Do you folks like Tyvek for waterproof membrane under siding and stucco or something else? Cost of Tyvek vs other mat'ls? Thanks.


----------



## inspectorD (Sep 11, 2008)

I am a tar paper fan. At least 30# felt for all siding materials. And do it when it is warm out. It is also so far less expensive.
Tyvek is good , but is expensive and does not work well with cedar wood.
I just do not trust it in all applications the way I do with Tar /felt paper.

Been around for a hundred years and even the carpenter ants like it too.
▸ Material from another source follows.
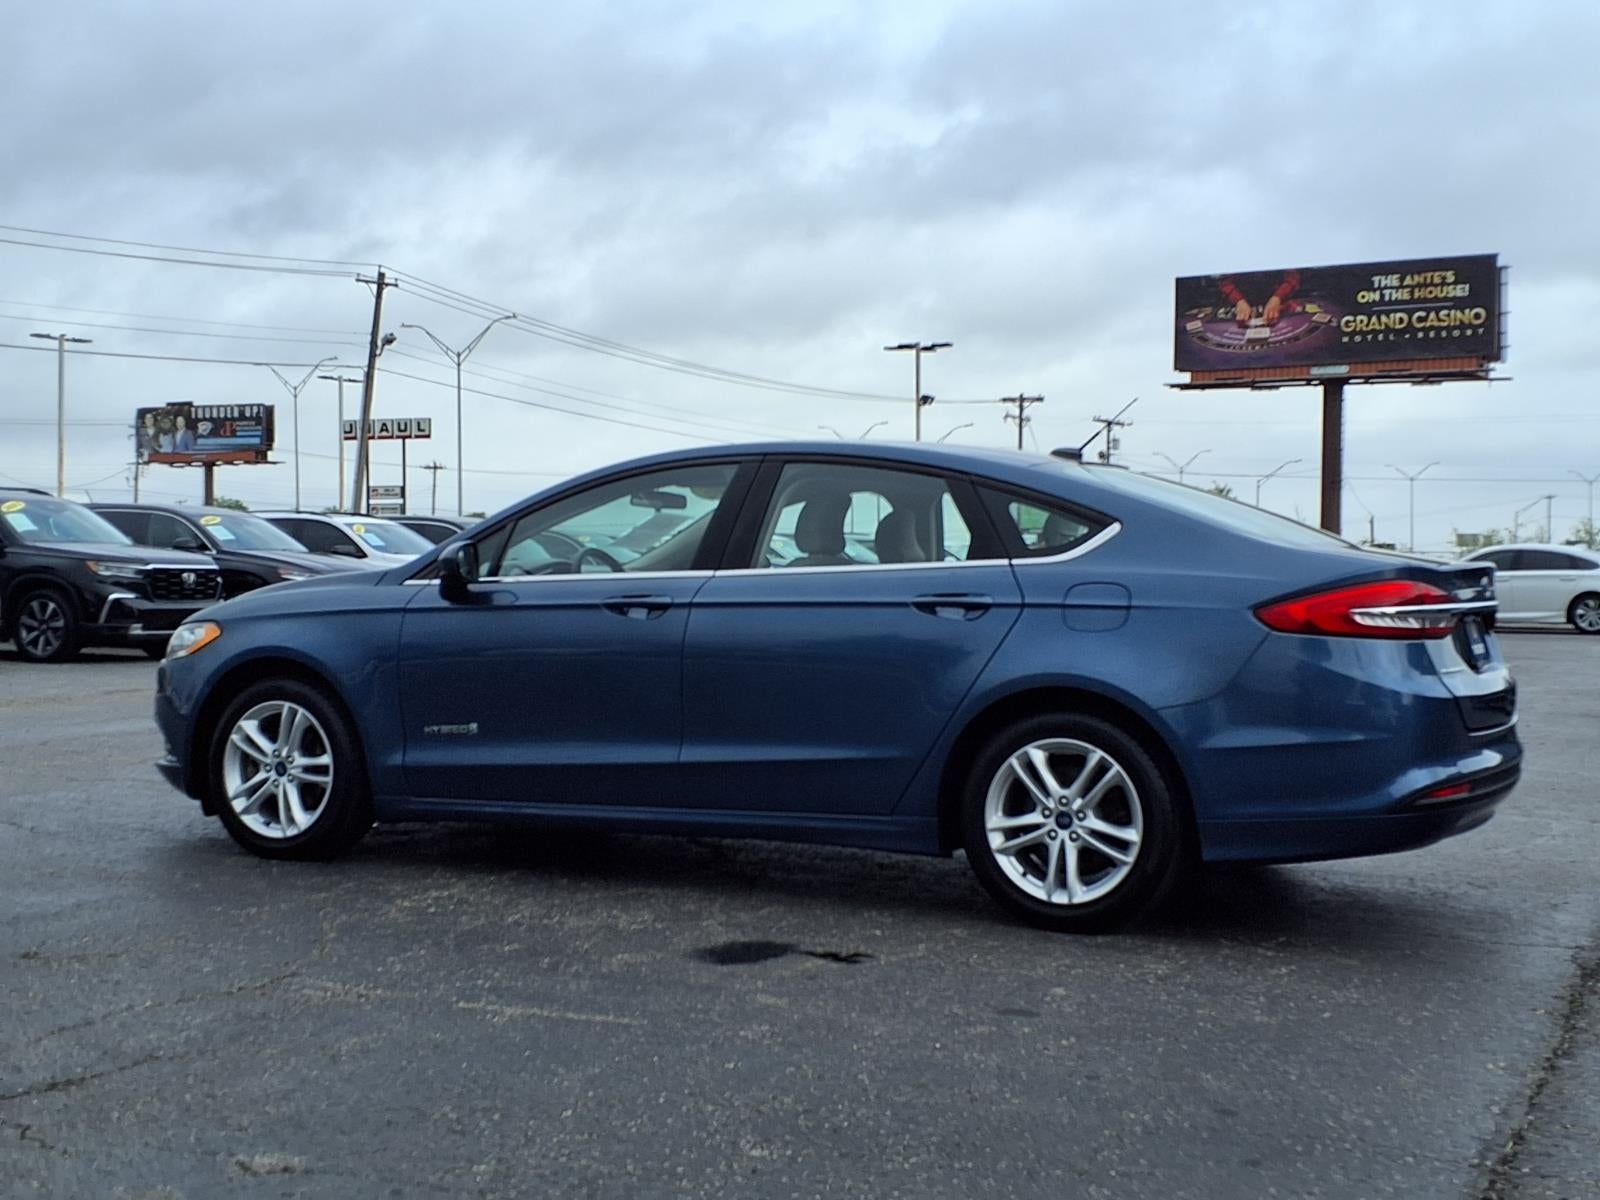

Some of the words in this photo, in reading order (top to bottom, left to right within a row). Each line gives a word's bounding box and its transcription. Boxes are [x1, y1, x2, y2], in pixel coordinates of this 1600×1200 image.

The biggest thing to worry about with both is the installation.


----------



## Square Eye (Sep 11, 2008)

I second the 30# felt 
Start at the bottom and overlap 2-3" with your next run.
A slap stapler will hold it in place if you get the siding on before the wind gets up too bad.


----------



## BooUrns (Oct 12, 2008)

I thought I would add some input here as I was just talking about this on another forum tonight.

Tyvek is a wind/water barrier but is permeable to water vapour. Made up of a mono-filament membrane, it is used to keep the water vapour levels in your insulation equal to the outside level. 

Ironically, tar paper in two layers around a house can do the exact same thing. I think it's more of an issue of expediency when applying the housewrap and Tyvek's durability that makes it a popular choice for builders.


----------